Panel, Fireside Chat
Pilot to Production: The Valley of Death and How to Cross It | RAISE Summit 2026
RAISE SummitBarak Kaufman, Jonathan Corbin, Euro Beinat, Ivan Burazin, Ariel Shulman, Venkat Pullela, Yvonne, Juro
- Real-time web data access is deemed essential to prevent AI agents from remaining contextually stuck, as reliance on static data or unverified web environments risks providing misinformation that leads to catastrophic, radical decisions during production scaling.

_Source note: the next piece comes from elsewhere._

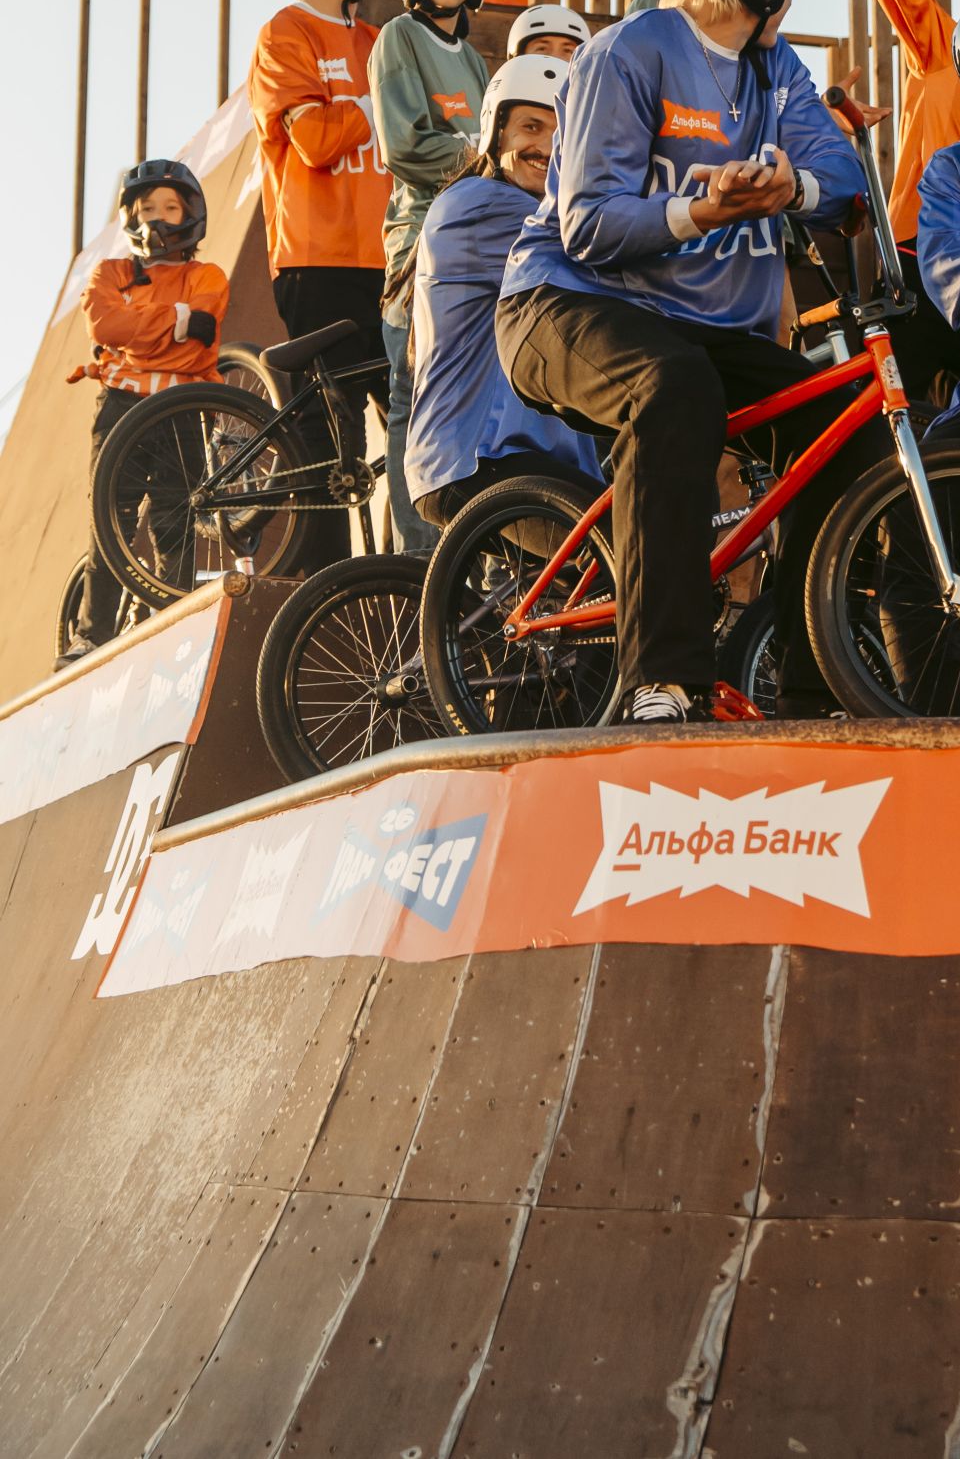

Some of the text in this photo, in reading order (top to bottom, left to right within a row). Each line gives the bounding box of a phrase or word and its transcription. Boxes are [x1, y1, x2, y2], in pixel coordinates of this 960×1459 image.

- Deployment is expected to evolve from initial "co-pilot" phases in 2024 to "function-oriented work" in 2025, characterized by a shift from technology hurdles to organizational restructuring required to break silos and drive value creation.
- To ensure safety and compliance at scale, companies are building internal guardrails and utilizing Windows Sandboxes for computer use, while future operations aim to reach an "headless via API" end state with a focus on "consistency and reproducibility" in data to offset the lack of human intuition.
- Full computer access, including accounts and financial instruments, is anticipated to enable end-to-end task execution, while strategies for model selection increasingly favor "model agnostic architecture" and "on-prem deployment" to mitigate lock-in risks and data security concerns.
- Enterprises are predicted to move from "pilot to production" within two years, leading to a rethinking of workflows where legacy system renewals are no longer automatic and the number of deployed systems decreases as redundant databases are eliminated.
- Financial projections indicate a 20-30 percent annual growth rate for companies treating AI as a growth tool, with specific implementations targeting 50-60 percent reductions in operational inefficiencies and CSAT scores between 96-97 percent.
- Value extraction is expected to persist for the next five to ten years even without model breakthroughs, though ROI justification will increasingly depend on revenue gains rather than cost savings, requiring a "non-consensus" belief system and enduring first-principle strategies to survive infinite competition.
- Organizations are expected to leverage "continual learning" and post-training or RL on open-source models to achieve specific state-of-the-art capabilities, while startups hold a distinct advantage by avoiding legacy baggage to build agents from scratch.
- Future success relies on avoiding catastrophic errors from inconsistent data, such as mass incorrect transactions, necessitating reliable data access and "forward deploy teams" to drive adoption and workflow rethinking alongside client teams.